■ **RECORDS FOR PROCESSING**
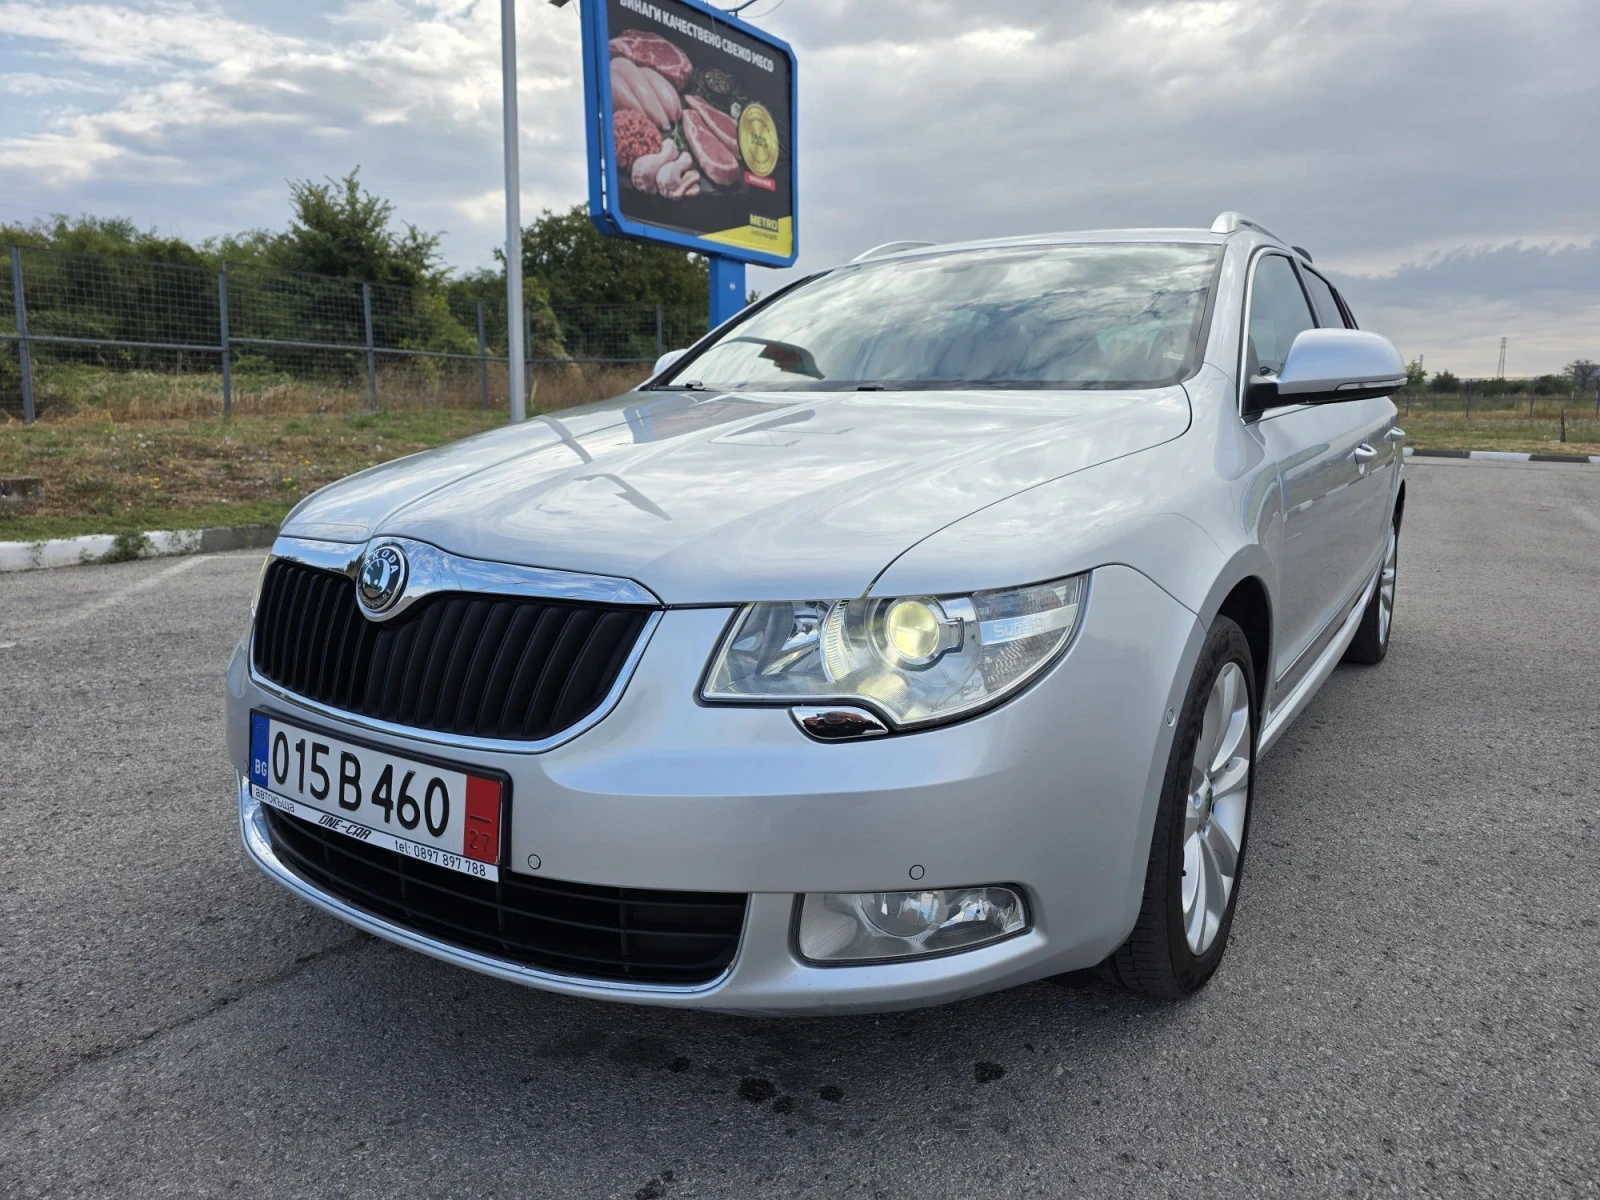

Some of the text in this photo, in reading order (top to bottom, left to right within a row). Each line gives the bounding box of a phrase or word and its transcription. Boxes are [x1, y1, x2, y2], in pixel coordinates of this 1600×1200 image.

[662, 10, 721, 49] КАЧЕСТВЕНО
[722, 38, 751, 62] СВЕЖО
[752, 52, 774, 73] МЕСО
[750, 213, 778, 231] METRO
[254, 758, 268, 777] BG
[255, 787, 295, 813] автокъща
[318, 814, 372, 841] ONE-CAR
[469, 829, 491, 854] 27
[395, 839, 486, 877] tel: 0897 897 788

■ **EXERCISE DETAILS**
Since the pictures are not wanted, write out the rest of the data exactly as it reads.

■ **OUTPUT OF THE EXERCISE**
Some of the text in this photo, in reading order (top to bottom, left to right within a row). Each line gives the bounding box of a phrase or word and its transcription. Boxes are [x1, y1, x2, y2], in pixel coordinates of this 1600×1200 image.

[662, 10, 721, 49] КАЧЕСТВЕНО
[722, 38, 751, 62] СВЕЖО
[752, 52, 774, 73] МЕСО
[750, 213, 778, 231] METRO
[254, 758, 268, 777] BG
[255, 787, 295, 813] автокъща
[318, 814, 372, 841] ONE-CAR
[469, 829, 491, 854] 27
[395, 839, 486, 877] tel: 0897 897 788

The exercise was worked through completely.